Niveau juridique : Union européenne
texte de la question -21 -10-2016
Rapid advances in genetic engineering, such as the development of the CRISPR-Cas9 gene-editing tool, have enabled the development of so-called ‘gene drives’. These are genetically modified organisms that are designed to spread a genetic modification through entire natural populations of sexually-reproducing plant or animal species, in order to alter or eradicate these populations. In June 2016, the US National Academies of Sciences concluded that ‘there is insufficient evidence available at this time to support the release of gene-drive modified organisms’. The matter of gene drives is being investigated by an expert group of the Convention on Biological Diversity (CBD) and is likely to be discussed at the upcoming conference of parties in Cancun, Mexico.
1. In view of the precautionary principle, does the Commission consider that the level of scientific knowledge regarding the functioning of CRISPR-based gene drives and the current risk assessment methodologies are adequate to assess the biosafety implications of a field release or accidental laboratory escape of such organisms?
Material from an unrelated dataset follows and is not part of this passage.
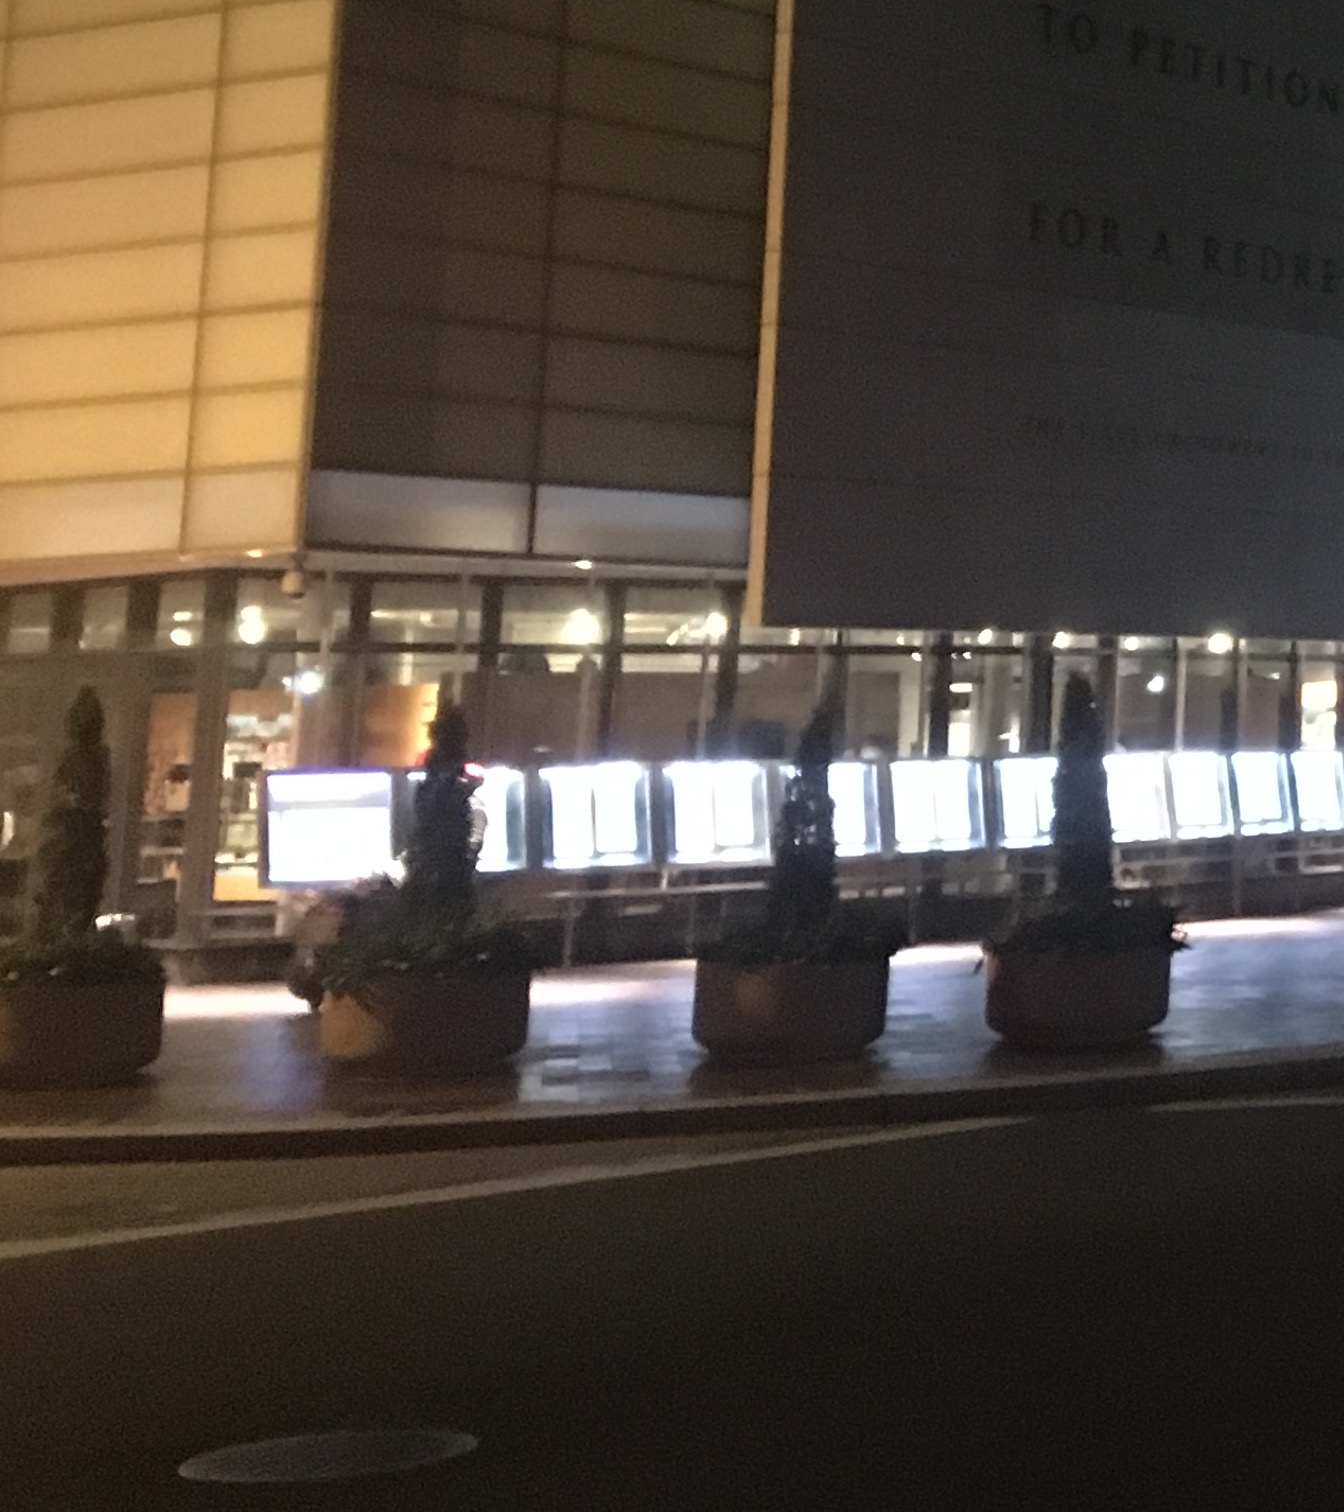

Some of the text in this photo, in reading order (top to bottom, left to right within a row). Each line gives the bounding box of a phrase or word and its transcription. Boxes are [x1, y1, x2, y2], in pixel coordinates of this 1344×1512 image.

2. What measures is the Commission planning within the Cartagena Protocol to prevent spontaneous, non-authorised transboundary movements of gene-drive modified organisms?
REPONSE donnée par Mr Andriukaitis au nom de la Commission -30-11-2016
The Commission is in the process of consulting the Commission’s Scientific Advice Mechanism (SAM) to provide an explanatory note on new techniques in agricultural biotechnology, including genome editing technologies (such as CRISPR/Cas), as well as possible uses of new techniques such as gene drive systems.
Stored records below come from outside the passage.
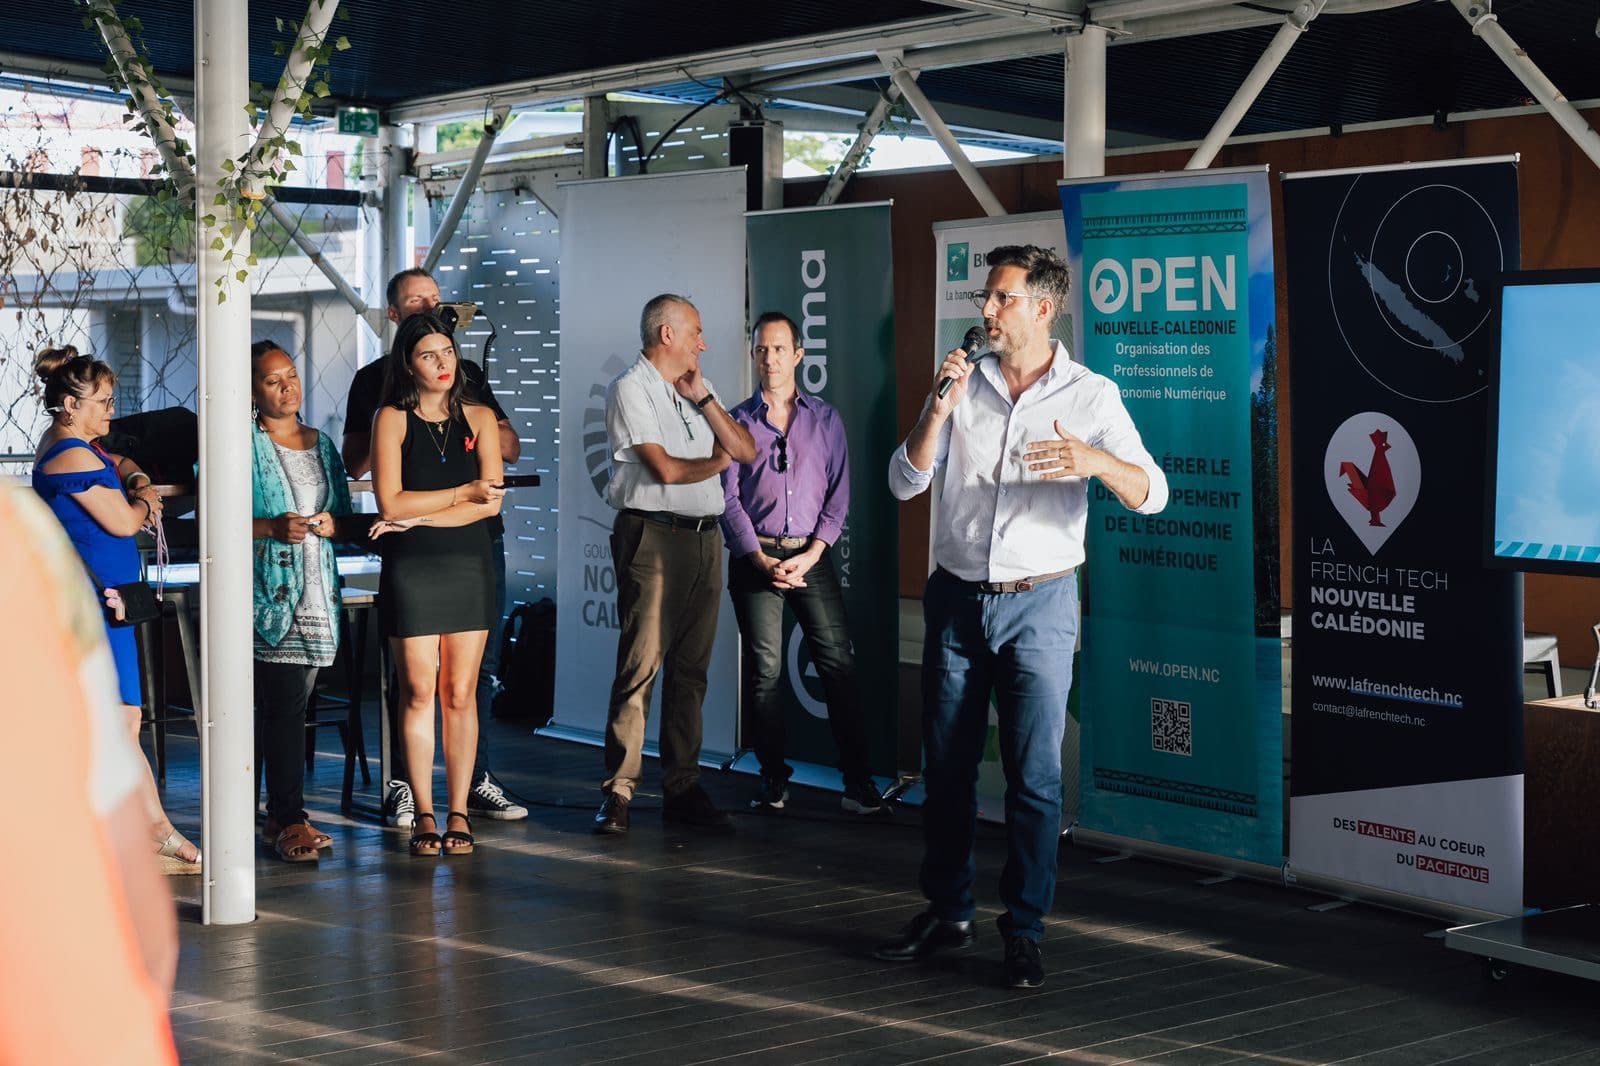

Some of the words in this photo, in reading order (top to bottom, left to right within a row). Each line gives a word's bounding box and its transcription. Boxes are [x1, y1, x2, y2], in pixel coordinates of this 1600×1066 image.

[945, 290, 953, 301] La
[1089, 255, 1236, 314] OPEN
[801, 249, 828, 402] ama
[1094, 319, 1236, 336] NOUVELLE-CALEDONIE
[1115, 342, 1188, 358] Organisation
[1190, 342, 1211, 356] des
[1113, 364, 1197, 377] Professionnels
[1200, 365, 1214, 378] de
[1119, 386, 1161, 399] onomie
[1164, 387, 1226, 402] Numérique
[1161, 452, 1207, 476] ÉRER
[1211, 459, 1232, 477] LE
[1104, 515, 1128, 533] DE
[1119, 545, 1218, 571] NUMÉRIQUE
[1310, 537, 1336, 556] LA
[583, 564, 617, 594] NO
[1310, 561, 1389, 585] FRENCH
[1394, 568, 1449, 591] TECH
[1310, 586, 1416, 614] NOUVELLE
[582, 599, 622, 630] CAL
[1310, 610, 1426, 641] CALÉDONIE
[1129, 658, 1220, 683] WWW.OPEN.NC
[1312, 675, 1463, 706] www.lafrenchtech.nc
[1312, 701, 1427, 728] contact@lafrenchtech.nc
[1333, 817, 1357, 833] DES
[1359, 822, 1415, 843] TALENTS
[1417, 834, 1437, 849] AU
[1439, 838, 1486, 858] COEUR
[1396, 852, 1415, 867] DU
[1418, 856, 1488, 882] PACIFIQUE
The aim is to improve the scientific understanding of these techniques taking into account the extensive variation in their possible applications and the way they are used. The SAM has been recently set up to support the Commission with high quality, timely and independent scientific advice for its policy-making activities and draws on the wide range of scientific expertise in Europe through a close relationship with national academies and other bodies, as well as the expertise of a High-Level Group of independent scientific advisors.
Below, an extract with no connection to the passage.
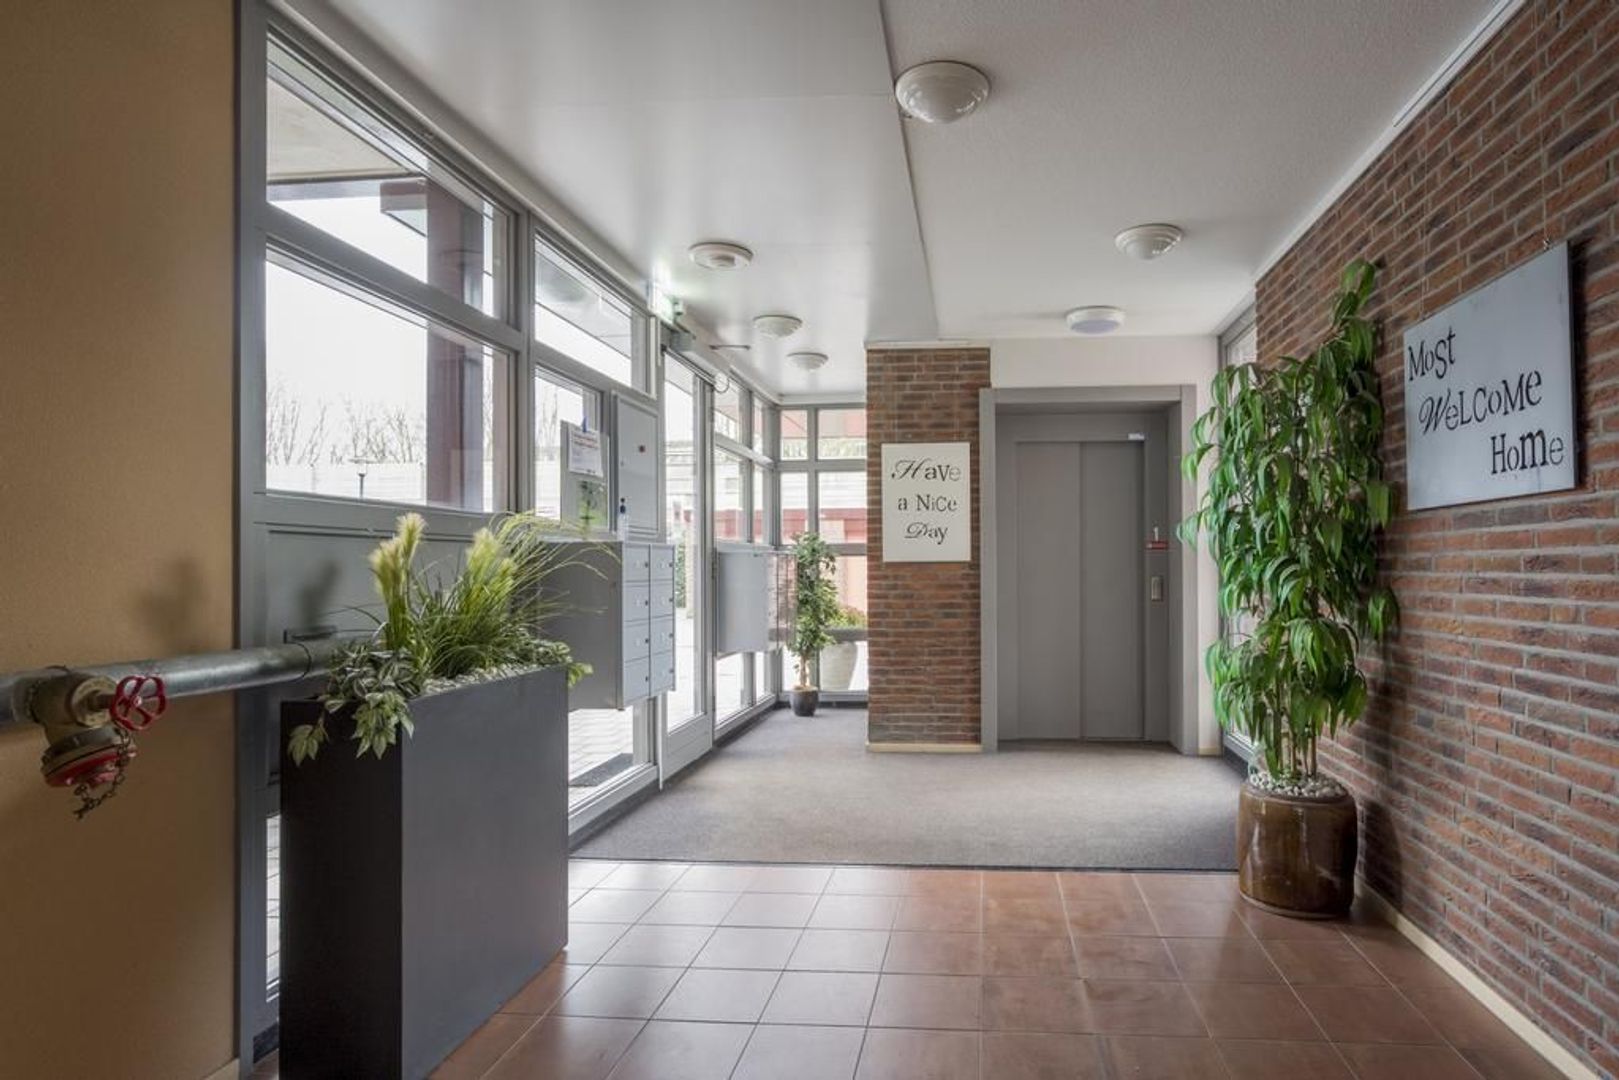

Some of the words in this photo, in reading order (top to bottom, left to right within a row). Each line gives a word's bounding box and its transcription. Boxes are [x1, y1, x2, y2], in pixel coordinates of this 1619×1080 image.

The current scientific understanding seems to indicate that organisms modified through gene drive mechanisms fall under the EU Genetically Modified Organisms legislation and the Cartagena Protocol on Biosafety to the Convention on Biological Diversity. On this basis, they are subject to all relevant provisions, including those set under Regulation (EC) No 1946/2003(1) on trans-boundary movements of genetically modified organisms.
(1) OJ L 287, 5.11.2003, p. 1.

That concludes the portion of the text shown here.